Some JavaScript operations use V8-internal algorithms that read properties and create objects without going through Proxy traps. Symbol.species is the most important example.

When Array.prototype.map creates its result array, V8 reads this.constructor[Symbol.species] to determine which constructor to use. If an attacker controls constructor on a host array, they can redirect the species resolution to a function that returns an existing object. V8 then writes map callback results directly into that object at the C++ level, bypassing any Proxy.

This is not something a JavaScript-level sandbox can intercept with Proxy traps alone. It requires either patching the array before the operation or preventing the attacker from setting constructor in the first place.

Escape 4: The prototype of the global object

When vm.createContext() creates a new context, the sandbox's global object inherits from the host's Object.prototype. This is a V8 implementation detail. It means sandbox code can reach host objects by walking up from global:

// Inside a vm.createContext sandbox, before patching:
this.__proto__  // host Object.prototype
  .constructor  // host Object
  .constructor  // host Function

Real sandboxes must detach this link by replacing the global's prototype with the sandbox's own Object.prototype.

The Membrane Pattern

The previous post mentioned membranes briefly. A membrane is a Proxy layer that wraps every object crossing a boundary, and recursively wraps every object returned from that Proxy.
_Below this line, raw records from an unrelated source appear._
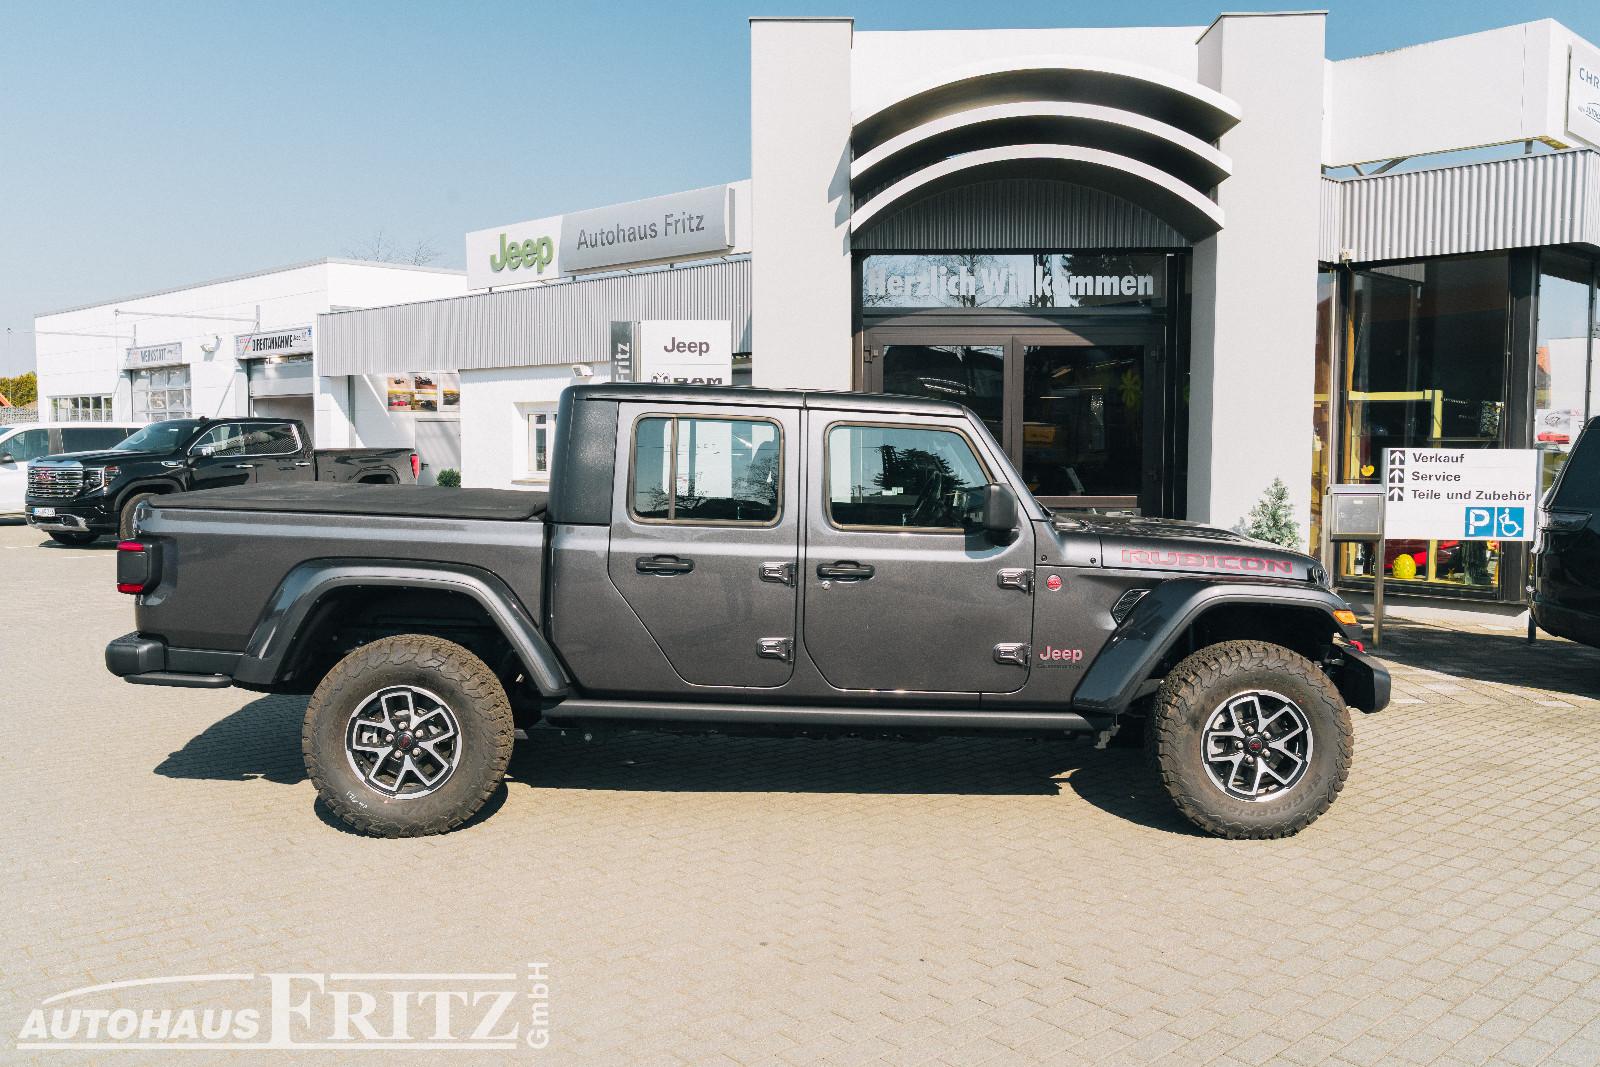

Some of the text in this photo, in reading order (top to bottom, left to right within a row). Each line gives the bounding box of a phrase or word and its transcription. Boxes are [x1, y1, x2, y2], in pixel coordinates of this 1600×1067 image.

[1579, 67, 1600, 88] CHR
[577, 211, 705, 250] Autohaus Fritz
[490, 232, 554, 274] Jeep
[869, 265, 1154, 297] Herzlich Willkommen
[663, 336, 710, 356] Jeep
[614, 342, 630, 382] Fritz
[1412, 452, 1465, 464] Verkauf
[1411, 471, 1461, 482] Service
[1411, 489, 1532, 502] Teile und Zubehör
[1468, 509, 1490, 535] P
[1121, 548, 1293, 574] RUBICON
[1039, 645, 1083, 663] Jeep
It is the only pattern that provides full interposition between two object graphs.

Basic structure

const wrapCache = new WeakMap();

function wrap(raw) {
  if (typeof raw !== 'object' && typeof raw !== 'function') return raw;
  if (raw === null) return null;

  const cached = wrapCache.get(raw);
  if (cached) return cached;

  const proxy = new Proxy(raw, {
    get(target, key) {
      if (key === 'constructor') return undefined;
      const value = Reflect.get(target, key);
      return wrap(value);  // recursive wrapping
    },
    set(target, key, value) {
      return Reflect.set(target, key, unwrap(value));  // unwrap before writing
    },
    apply(target, thisArg, args) {
      const result = Reflect.apply(target, unwrap(thisArg), args.map(unwrap));
      return wrap(result);
    },
  });

  wrapCache.set(raw, proxy);
  return proxy;
}

Identity preservation

Without the WeakMap cache, wrapping the same object twice would produce two different proxies. This breaks identity comparisons:

const a = wrap(hostObj);
const b = wrap(hostObj);
a === b;  // false without cache, true with cache

Identity preservation is critical. If a sandbox function stores a reference and later compares it, === must work correctly. The WeakMap ensures that each raw object maps to exactly one proxy.

Unwrapping

When the sandbox passes an object back to a host function, the membrane needs to unwrap it from its proxy back to the raw host object. Otherwise the host function receives a Proxy instead of the real object, which can cause unexpected behavior or break internal type checks.

This requires a reverse mapping: proxy → raw object. A second WeakMap stores this direction:

const unwrapCache = new WeakMap();

// During proxy creation:
unwrapCache.set(proxy, raw);

// During unwrapping:
function unwrap(value) {
  return unwrapCache.get(value) || value;
}

This unwrap mechanism introduces its own risk. If the raw object is modified after the proxy was created and cached, the membrane will still unwrap the proxy to the (now-modified) raw object. The membrane has no way to detect that the raw object's contents have changed since the proxy was first created. This becomes relevant when we look at real sandbox escapes.

Bidirectional membranes

A full sandbox membrane is bidirectional: objects flowing from host to sandbox are wrapped by one set of handlers, and objects flowing from sandbox to host are wrapped by another. Each side maintains its own WeakMap caches. The bridge needs references to both sides' Reflect methods (cached at initialization time, to prevent tampering) and a mapping table for prototype equivalences so that instanceof works across the boundary.